▶ _What is being asked_
Omit every picture and output the rest of the records exactly as they are.

▶ _Task data_

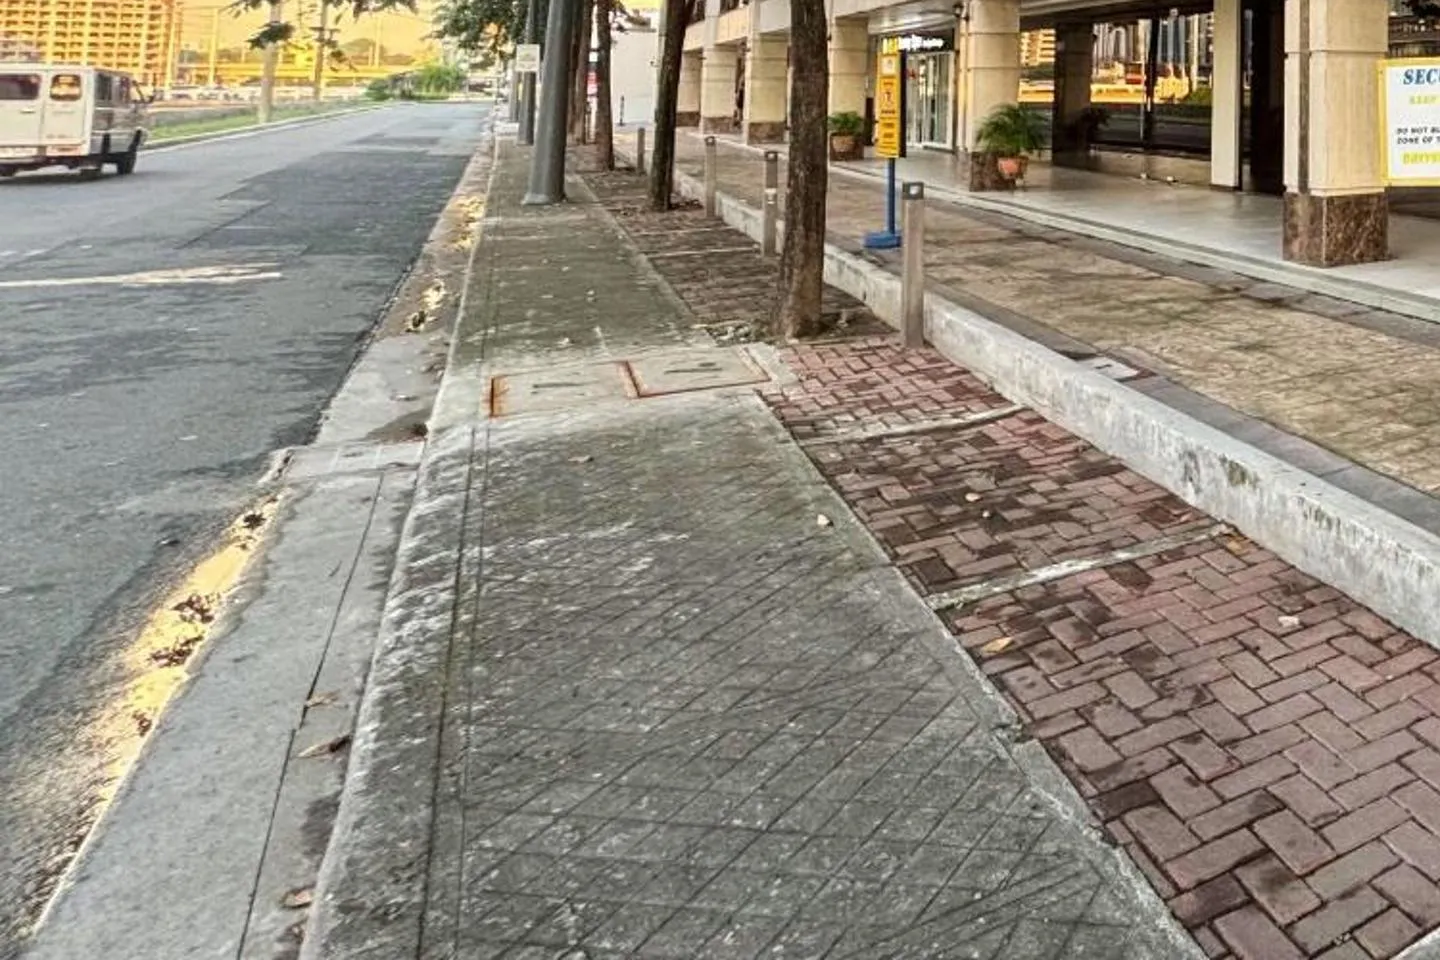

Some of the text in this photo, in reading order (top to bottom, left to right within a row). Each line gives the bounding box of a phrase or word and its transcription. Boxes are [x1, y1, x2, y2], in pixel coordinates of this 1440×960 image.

[1397, 127, 1408, 135] DO
[1411, 126, 1428, 134] NOT
[1397, 136, 1419, 144] ZONE
[1422, 135, 1433, 144] OF

▶ _Finished task_
Some of the text in this photo, in reading order (top to bottom, left to right within a row). Each line gives the bounding box of a phrase or word and its transcription. Boxes are [x1, y1, x2, y2], in pixel coordinates of this 1440×960 image.

[1397, 127, 1408, 135] DO
[1411, 126, 1428, 134] NOT
[1397, 136, 1419, 144] ZONE
[1422, 135, 1433, 144] OF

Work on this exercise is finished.